> _Exercise aim_: No pictures should appear in the copy; otherwise retype the entries exactly.

(Saved data entries)
□ □ □ □ □ □ □

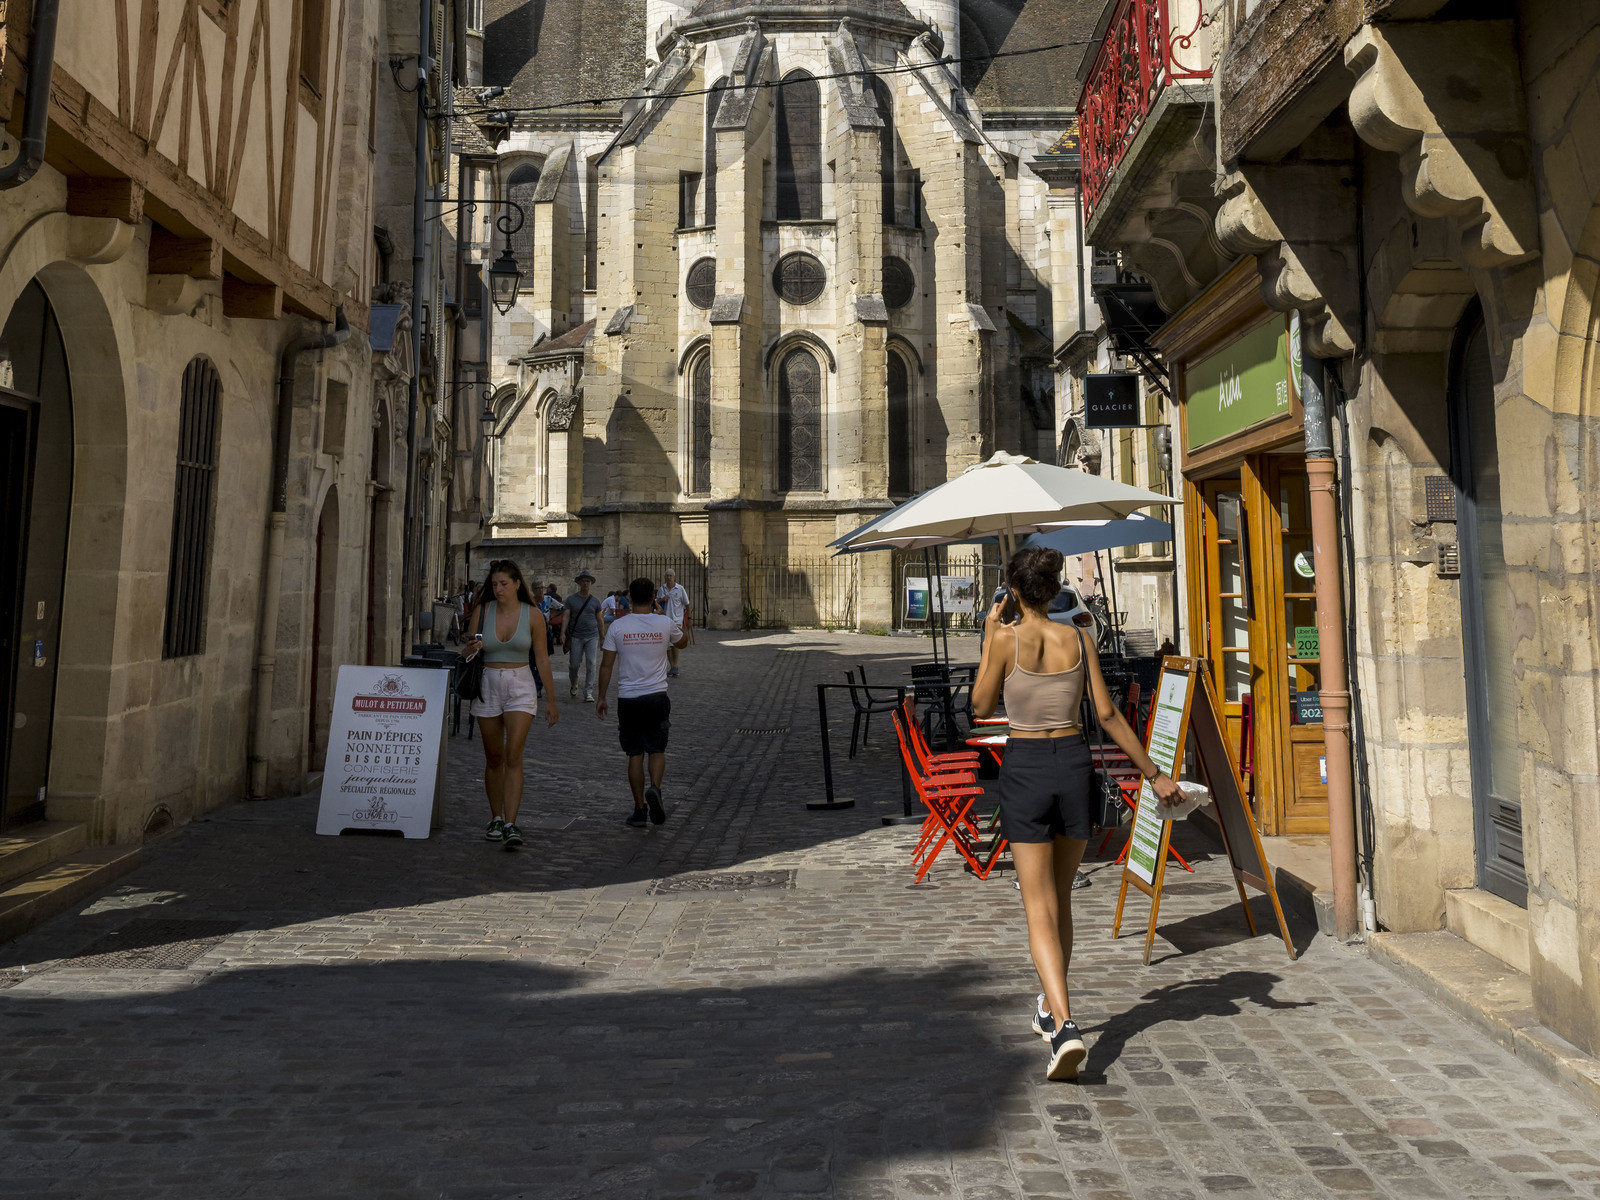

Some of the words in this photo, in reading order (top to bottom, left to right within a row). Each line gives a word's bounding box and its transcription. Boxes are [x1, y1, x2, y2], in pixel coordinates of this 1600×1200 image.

[1091, 404, 1133, 412] GLACIER
[355, 699, 379, 709] MULOT
[380, 701, 386, 709] &
[387, 701, 424, 711] PETITJEAN
[347, 730, 372, 740] PAIN
[375, 730, 423, 742] D'ÉPICES
[346, 743, 422, 755] NONNETTES
[345, 755, 420, 765] BISCUITS
[344, 764, 419, 775] CONFISERIE
[340, 785, 377, 794] SPÉCIALITÉS
[379, 786, 416, 795] RÉGIONALES
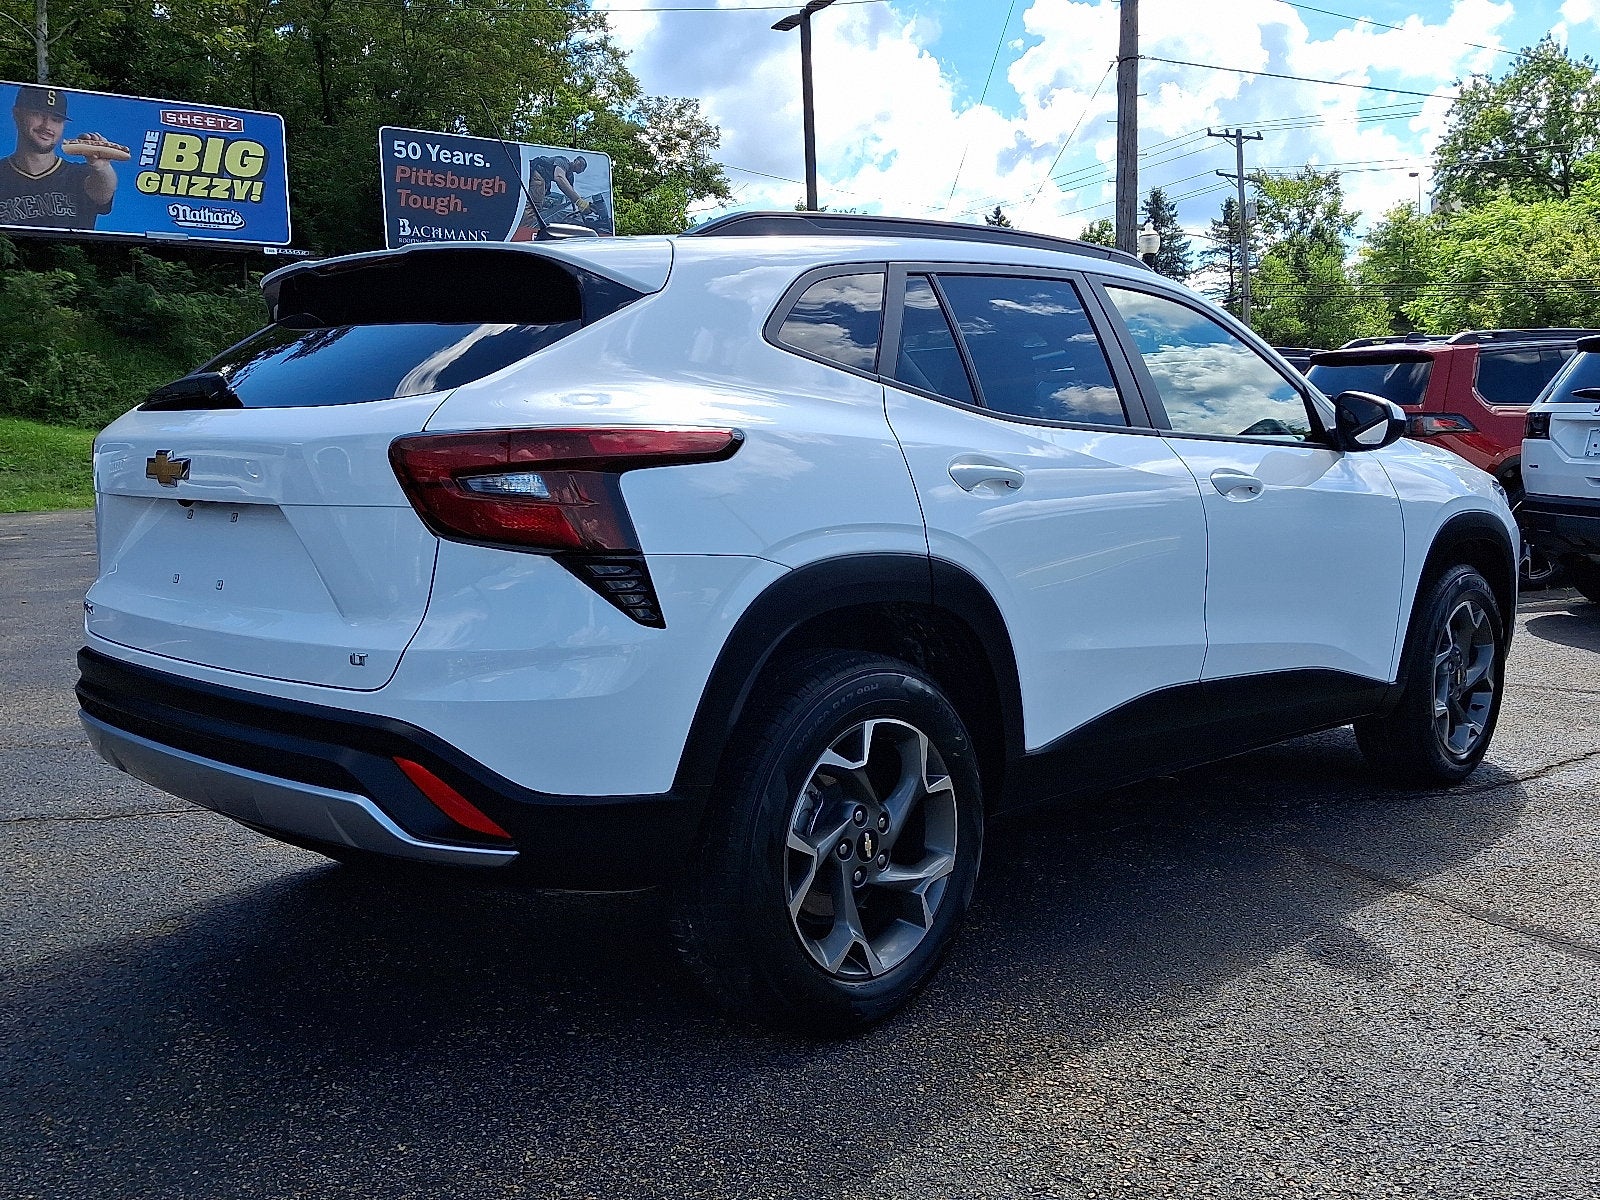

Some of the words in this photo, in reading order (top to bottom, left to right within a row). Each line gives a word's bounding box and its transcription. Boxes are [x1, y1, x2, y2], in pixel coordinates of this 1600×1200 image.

□ □ □ □ □ □ □

> _Completed task_:
Some of the words in this photo, in reading order (top to bottom, left to right within a row). Each line gives a word's bounding box and its transcription. Boxes are [x1, y1, x2, y2], in pixel coordinates of this 1600×1200 image.

[1091, 404, 1133, 412] GLACIER
[355, 699, 379, 709] MULOT
[380, 701, 386, 709] &
[387, 701, 424, 711] PETITJEAN
[347, 730, 372, 740] PAIN
[375, 730, 423, 742] D'ÉPICES
[346, 743, 422, 755] NONNETTES
[345, 755, 420, 765] BISCUITS
[344, 764, 419, 775] CONFISERIE
[340, 785, 377, 794] SPÉCIALITÉS
[379, 786, 416, 795] RÉGIONALES

Some of the words in this photo, in reading order (top to bottom, left to right within a row). Each line gives a word's bounding box and its transcription. Boxes are [x1, y1, x2, y2], in pixel coordinates of this 1600×1200 image.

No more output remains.